Running classical simulations of quantum circuits with qiskit-aer-gpu
This tutorial covers the exact classical simulaiton of a quantum circuit using GPU resources on Hyak through the qiskit-aer-gpu package. IBM’s quantum SDK Qiskit is used to specify the quantum circuit, and the Qiskit Aer package is used to execute the circuits on GPUs. This tutorial assumes python has been installed on the user’s Hyak account using the miniconda distribution. Instructions for this installation may be found in the Getting started with Hyak tutorial page.
Creating the circuit
To begin, the following code specifies a random circuit on two qubits.
from qiskit.circuit.random import random_circuit
num_qubits = 2
depth = 2
circuit = random_circuit(num_qubits, depth, max_operands=2, seed=0)
The random_circuit may be replaced with something that creates a custom circuit of interest. To run the circuit on the GPU backend, the circuit is compiled to gates that are accepted by the backend.
from qiskit_aer import Aer
from qiskit.compiler import transpile
backend = Aer.get_backend('aer_simulator_statevector_gpu')

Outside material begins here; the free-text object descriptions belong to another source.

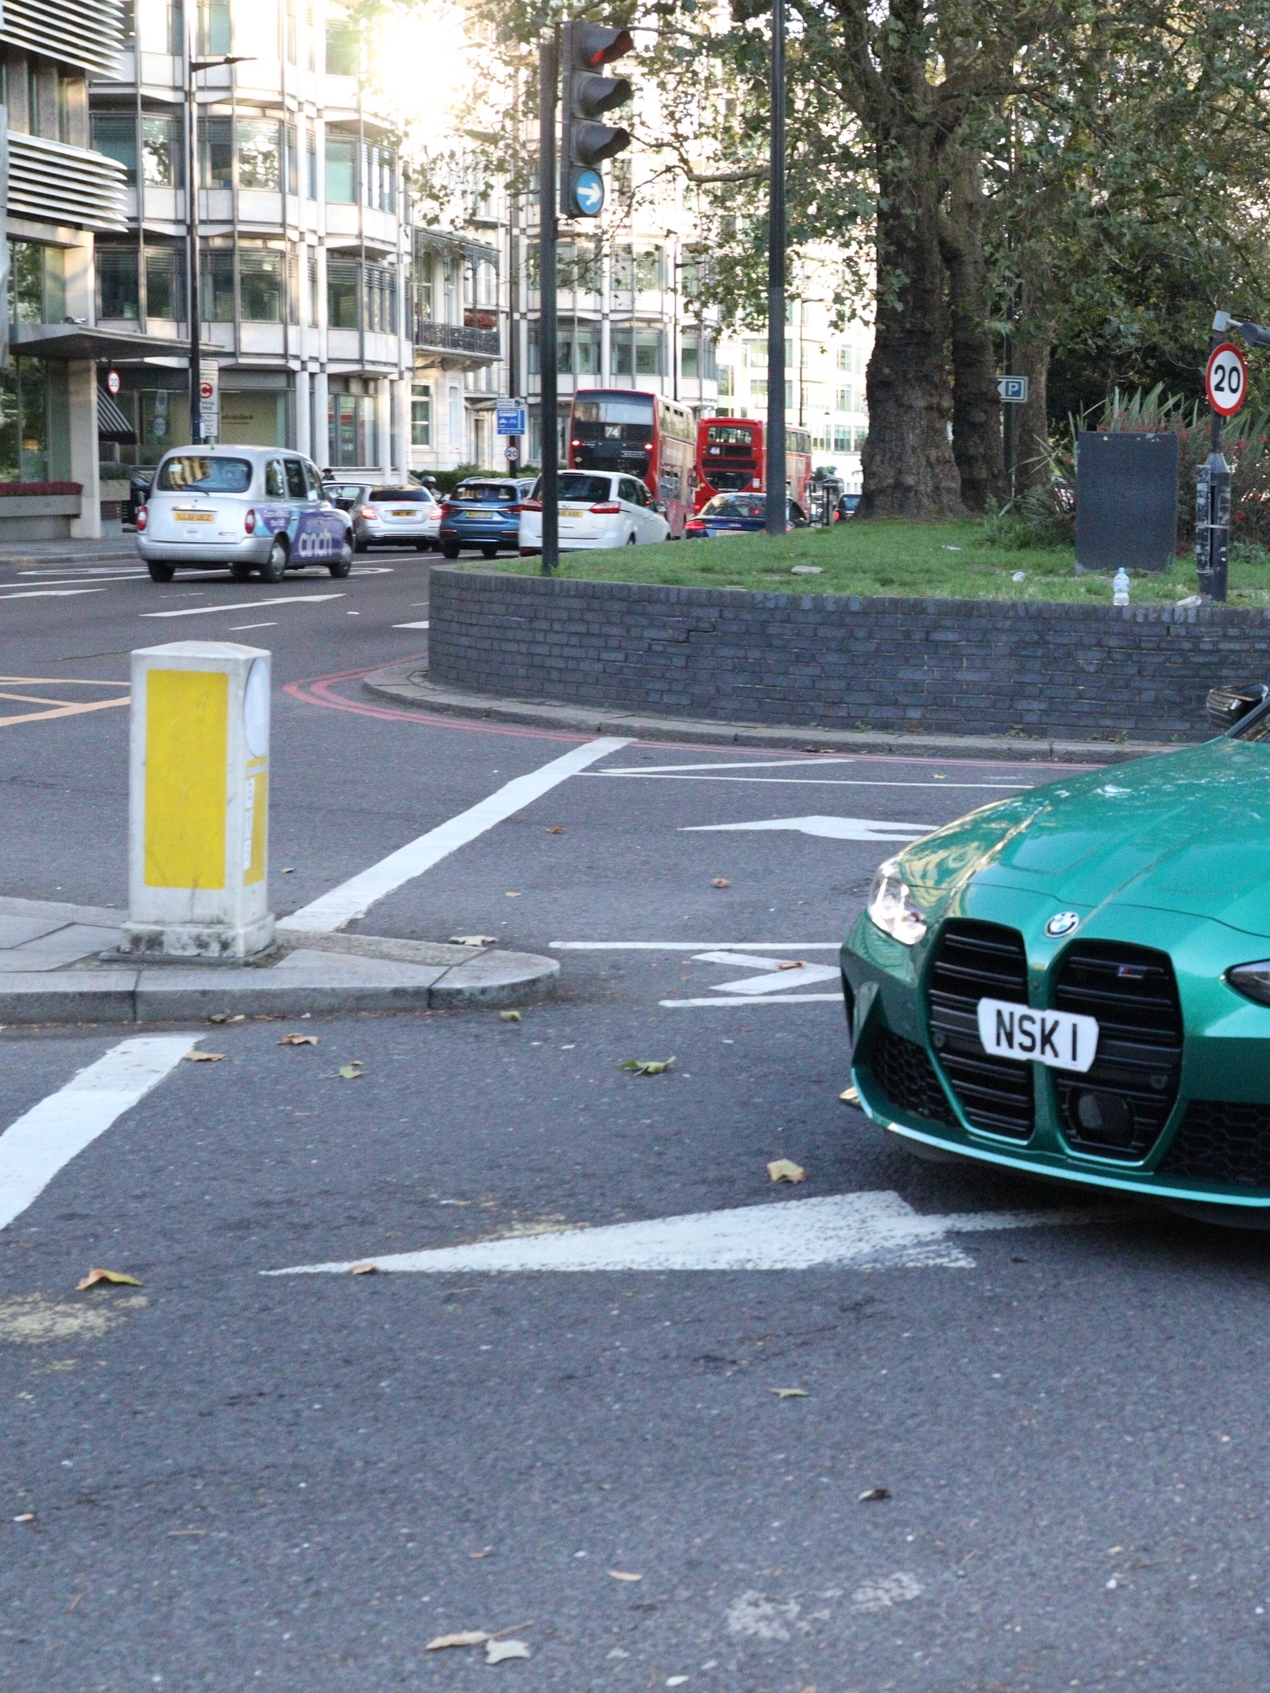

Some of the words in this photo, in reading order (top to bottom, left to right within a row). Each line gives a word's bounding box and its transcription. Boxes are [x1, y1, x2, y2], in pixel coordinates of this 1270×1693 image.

[1214, 365, 1240, 393] 20
[1008, 382, 1019, 395] P
[605, 426, 620, 438] 74
[507, 450, 518, 458] 20
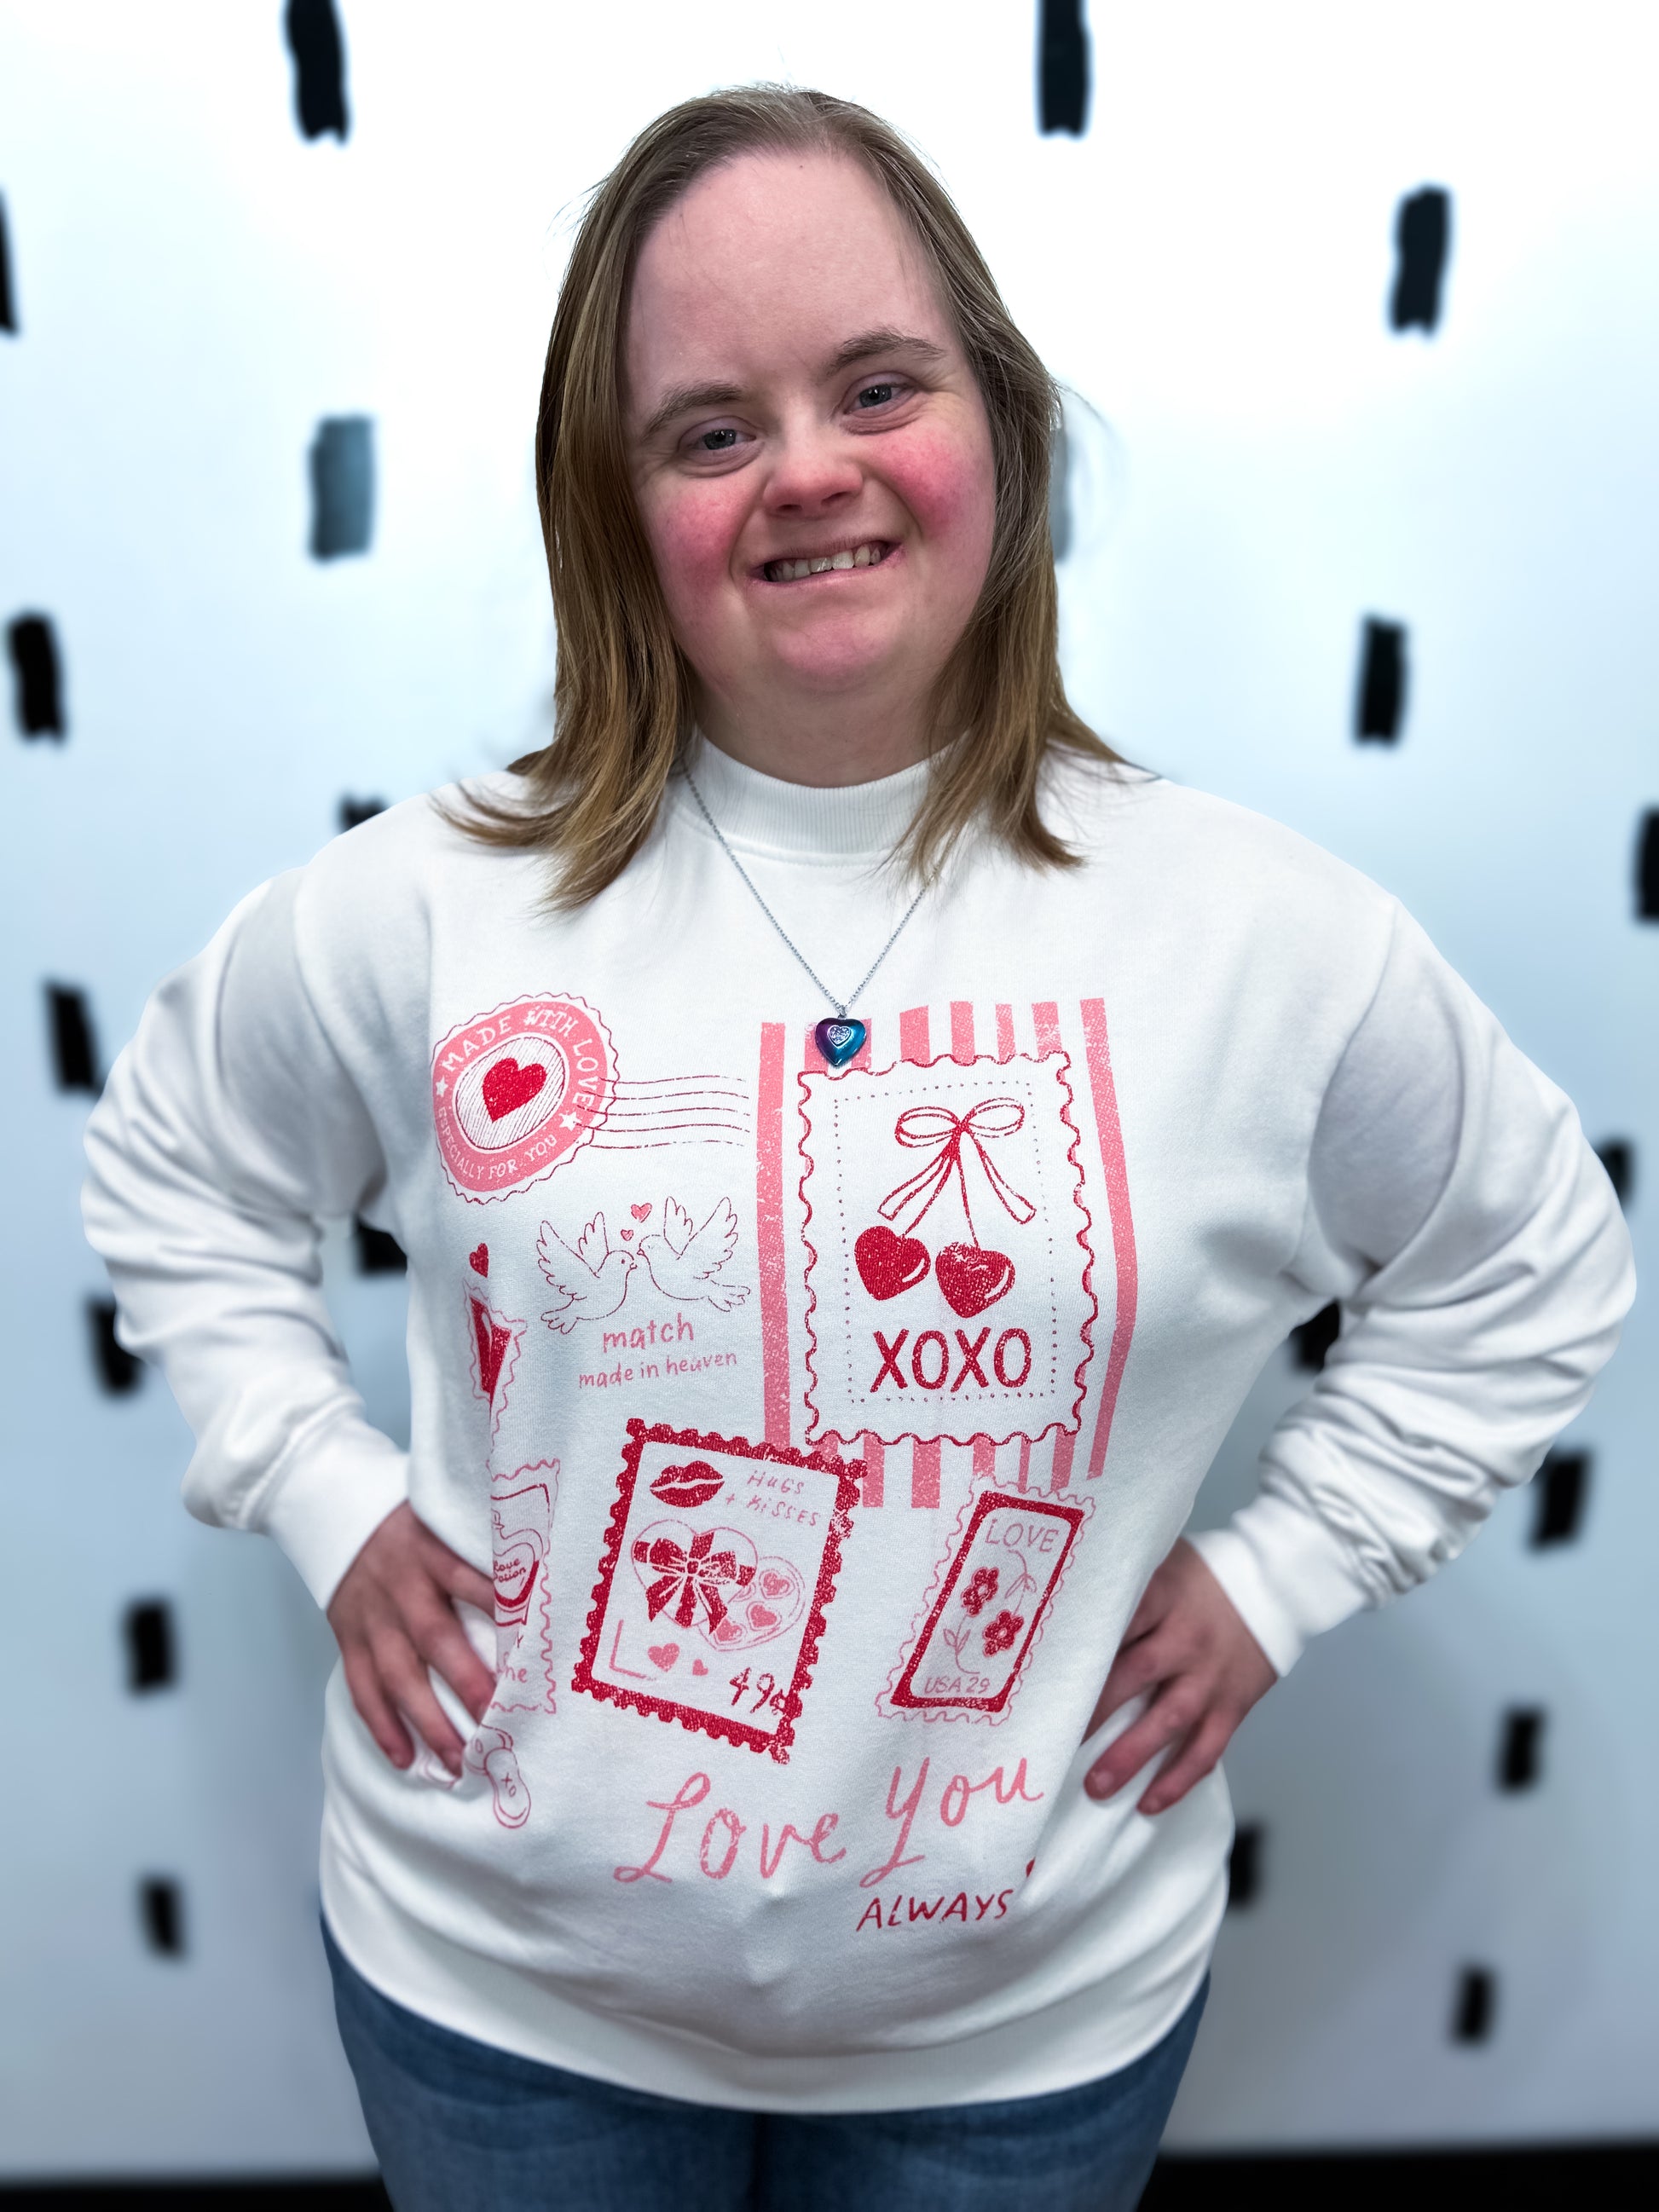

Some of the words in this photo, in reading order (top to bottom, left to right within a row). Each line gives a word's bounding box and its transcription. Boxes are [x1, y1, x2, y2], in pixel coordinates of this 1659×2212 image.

gates = backend.configuration().basis_gates
circuit = transpile(circuit, basis_gates=gates, optimization_level=0)
print(circuit)
The circuit is run on the GPU using:
circuit.save_statevector()
output_state = backend.run(circuit).result().get_statevector(circuit, decimals=12).data
print(output_state)
Environment setup
We save this code in a python script titled test_gpu_circ.py. To run this script on Hyak, the required packages must be installed into your account using an interactive node. To do this, run the following, after logging into Hyak:
$ srun -A uwqcc -p gpu-l40 --time=1:00:00 --mem=10G --pty /bin/bash
$ conda create --name test_gpu_env
$ conda activate test_gpu_env
$ conda install python=3.12.1
$ pip install qiskit qiskit-aer-gpu
$ exit
Job submission
To run the test_gpu_circ script on a UWQCC GPU on Hyak, create a slurm script named test_gpu_circ.slurm:
#!/bin/bash
#SBATCH --job-name=test_gpu_circ
#SBATCH --mail-type=ALL # when to email about job status updates
#SBATCH --mail-user=<netid>@uw.edu # email for notifications about job status
#SBATCH -p gpu-l40 # partition
#SBATCH -A uwqcc # account
#SBATCH --nodes=1 # number of nodes
#SBATCH --time=1:00:00 # wall time
#SBATCH --ntasks=1 # number of threads
#SBATCH --gpus=l40:1 # number of gpus
#SBATCH --mem=40G # amount of RAM
source /mmfs1/home/<netid>/.bashrc
conda activate test_gpu_env
python test_gpu_circ.py
exit $?
To submit the test_gpu_circ job, run
$ sbatch test_gpu_circ.slurm
Once the job is finished, the output should read:
┌───┐┌───┐┌────┐┌───┐
q_0: ┤ X ├┤ H ├┤ Sx ├┤ H ├
├───┤└───┘└─┬──┘└───┘
q_1: ┤ I ├───────■────────
└───┘
[0.+0.j 1.-0.j 0.+0.j 0.+0.j]
which shows the circuit that was run and the output statevector of the two-qubit system.